I was painting up my old metal Bull Centaurs, thinking how nice it was that I could have a full unit of eight different models (the seven regular BC and a conversion of the Blood Bowl star player Hthaark). Then it struck me how unusual this was - most cavalry units in 4th edition only had a champion, standard bearer, and two or three regular models. Why do BCs have six regular and a standard bearer? The lack of a musician was not unusual for medium/heavy cavalry for the time. So I looked at the models more closely. Only one has gloves and he is wielding his axe with both hands, no place for a shield. Big pauldron on his shoulder, unlike the others. Is he meant to be the champion? He has a very mean expression, like he is yelling as he swings his weapon. One other has a great axe in the style of the infantry axemen, also being held in both hands. His larger axe sets him apart from the rest, but his helmet and decoration is rather plain - he doesn’t look like a champion in any other way. The other four are all wielding axes in one hand, with a stub for a shield on the other hand, some with much more elaborate jewellry and helmets. The army list marked them all has having double-handed axes, light armour, and shields; no options at all.

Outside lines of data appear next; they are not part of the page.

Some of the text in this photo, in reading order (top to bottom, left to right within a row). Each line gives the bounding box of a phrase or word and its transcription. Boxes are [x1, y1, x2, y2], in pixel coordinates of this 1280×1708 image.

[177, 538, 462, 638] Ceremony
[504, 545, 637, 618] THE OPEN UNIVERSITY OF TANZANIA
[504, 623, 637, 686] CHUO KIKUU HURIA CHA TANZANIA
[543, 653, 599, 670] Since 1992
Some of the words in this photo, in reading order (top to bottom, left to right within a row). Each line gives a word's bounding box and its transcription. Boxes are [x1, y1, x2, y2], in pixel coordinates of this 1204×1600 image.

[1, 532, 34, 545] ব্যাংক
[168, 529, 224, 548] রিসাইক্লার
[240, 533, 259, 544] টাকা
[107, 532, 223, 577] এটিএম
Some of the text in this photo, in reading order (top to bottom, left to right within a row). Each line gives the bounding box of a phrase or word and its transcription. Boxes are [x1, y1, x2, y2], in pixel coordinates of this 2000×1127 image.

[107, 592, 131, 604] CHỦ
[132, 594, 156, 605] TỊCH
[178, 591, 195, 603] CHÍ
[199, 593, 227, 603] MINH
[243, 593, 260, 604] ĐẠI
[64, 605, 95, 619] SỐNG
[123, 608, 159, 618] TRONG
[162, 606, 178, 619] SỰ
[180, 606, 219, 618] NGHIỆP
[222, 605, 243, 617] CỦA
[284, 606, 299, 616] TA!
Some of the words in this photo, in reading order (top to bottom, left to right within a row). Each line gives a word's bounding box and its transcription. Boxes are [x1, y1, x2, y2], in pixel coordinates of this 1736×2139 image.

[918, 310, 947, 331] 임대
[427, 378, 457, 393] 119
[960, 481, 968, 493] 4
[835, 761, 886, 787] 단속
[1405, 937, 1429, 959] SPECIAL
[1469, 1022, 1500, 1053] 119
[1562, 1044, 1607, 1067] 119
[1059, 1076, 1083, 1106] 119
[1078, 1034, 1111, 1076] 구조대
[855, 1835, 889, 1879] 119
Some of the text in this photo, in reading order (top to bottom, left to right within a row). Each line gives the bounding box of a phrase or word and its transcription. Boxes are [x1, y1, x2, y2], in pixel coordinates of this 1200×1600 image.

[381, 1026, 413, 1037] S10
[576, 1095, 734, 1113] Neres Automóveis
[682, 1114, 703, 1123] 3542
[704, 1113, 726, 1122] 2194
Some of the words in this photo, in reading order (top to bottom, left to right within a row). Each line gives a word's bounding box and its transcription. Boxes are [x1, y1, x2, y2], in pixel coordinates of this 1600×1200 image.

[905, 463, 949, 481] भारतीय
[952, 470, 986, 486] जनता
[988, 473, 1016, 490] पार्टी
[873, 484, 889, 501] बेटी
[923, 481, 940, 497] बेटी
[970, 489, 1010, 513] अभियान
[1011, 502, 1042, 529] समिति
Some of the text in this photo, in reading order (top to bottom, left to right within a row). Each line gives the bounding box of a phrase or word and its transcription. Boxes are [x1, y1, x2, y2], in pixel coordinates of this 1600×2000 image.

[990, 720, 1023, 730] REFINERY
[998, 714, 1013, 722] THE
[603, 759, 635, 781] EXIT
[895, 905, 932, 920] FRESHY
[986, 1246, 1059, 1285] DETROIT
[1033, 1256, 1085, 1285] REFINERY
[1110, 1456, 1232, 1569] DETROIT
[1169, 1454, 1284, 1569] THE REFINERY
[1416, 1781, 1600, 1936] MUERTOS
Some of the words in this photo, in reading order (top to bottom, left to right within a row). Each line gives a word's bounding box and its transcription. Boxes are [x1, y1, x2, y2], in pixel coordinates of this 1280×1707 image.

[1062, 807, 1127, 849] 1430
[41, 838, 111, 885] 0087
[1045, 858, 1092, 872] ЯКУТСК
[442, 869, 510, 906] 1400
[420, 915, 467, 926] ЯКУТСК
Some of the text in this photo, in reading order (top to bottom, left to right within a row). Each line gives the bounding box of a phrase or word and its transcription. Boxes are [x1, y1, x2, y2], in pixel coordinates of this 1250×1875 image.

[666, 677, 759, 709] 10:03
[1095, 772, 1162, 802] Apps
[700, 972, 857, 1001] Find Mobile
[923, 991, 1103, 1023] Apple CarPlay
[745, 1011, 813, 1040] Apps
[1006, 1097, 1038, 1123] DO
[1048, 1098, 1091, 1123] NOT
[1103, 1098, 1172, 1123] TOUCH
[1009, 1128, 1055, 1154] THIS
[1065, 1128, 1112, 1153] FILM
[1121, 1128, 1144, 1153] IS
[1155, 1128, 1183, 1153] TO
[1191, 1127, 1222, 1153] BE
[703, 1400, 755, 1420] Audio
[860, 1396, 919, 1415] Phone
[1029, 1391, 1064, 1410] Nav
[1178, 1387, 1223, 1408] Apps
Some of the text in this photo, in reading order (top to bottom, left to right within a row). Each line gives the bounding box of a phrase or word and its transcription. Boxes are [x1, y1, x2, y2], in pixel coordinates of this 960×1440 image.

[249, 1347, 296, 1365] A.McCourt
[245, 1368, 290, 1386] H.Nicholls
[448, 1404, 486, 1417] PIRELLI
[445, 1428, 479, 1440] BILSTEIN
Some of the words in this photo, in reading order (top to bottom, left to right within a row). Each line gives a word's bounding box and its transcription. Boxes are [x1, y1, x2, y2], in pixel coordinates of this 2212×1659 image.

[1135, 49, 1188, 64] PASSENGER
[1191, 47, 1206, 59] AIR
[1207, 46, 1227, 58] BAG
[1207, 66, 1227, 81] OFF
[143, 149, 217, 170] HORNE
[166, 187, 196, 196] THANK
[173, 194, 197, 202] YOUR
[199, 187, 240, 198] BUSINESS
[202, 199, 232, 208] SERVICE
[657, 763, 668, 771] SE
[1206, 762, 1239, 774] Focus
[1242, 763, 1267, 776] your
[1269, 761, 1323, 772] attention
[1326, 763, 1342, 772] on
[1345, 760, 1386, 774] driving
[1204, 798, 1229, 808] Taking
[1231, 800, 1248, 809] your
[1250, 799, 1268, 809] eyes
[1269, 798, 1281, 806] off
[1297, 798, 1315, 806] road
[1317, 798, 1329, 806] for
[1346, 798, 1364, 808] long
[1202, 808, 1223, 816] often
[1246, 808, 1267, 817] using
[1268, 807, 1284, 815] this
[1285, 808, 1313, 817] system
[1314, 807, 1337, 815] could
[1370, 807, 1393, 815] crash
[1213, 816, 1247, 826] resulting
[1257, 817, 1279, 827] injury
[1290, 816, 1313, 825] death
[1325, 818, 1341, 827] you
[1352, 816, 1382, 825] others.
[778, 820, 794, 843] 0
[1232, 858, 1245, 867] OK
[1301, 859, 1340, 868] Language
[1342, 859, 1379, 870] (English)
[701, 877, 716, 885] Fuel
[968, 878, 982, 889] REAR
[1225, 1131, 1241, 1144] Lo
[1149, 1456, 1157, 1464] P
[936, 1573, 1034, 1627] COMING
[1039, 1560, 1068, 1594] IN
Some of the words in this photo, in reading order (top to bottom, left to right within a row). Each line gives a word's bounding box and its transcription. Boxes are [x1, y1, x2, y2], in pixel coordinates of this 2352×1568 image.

So what is going on here? Why were there so many? Were any of them meant to be champions, or even a BC Lord character? Was the guy with the great axe meant to be an alternative weapon choice for the unit? Were test sculpts just thrown in with the final designs? Were there changes to the army list after sculpting, or did they just not want more different blisterpacks to stock so lumped them all together as generic BCs?
The sculptor Alan Perry might be able to answer some of these, but his general comments on this work makes me doubtful he’d remember. What are your thoughts on this?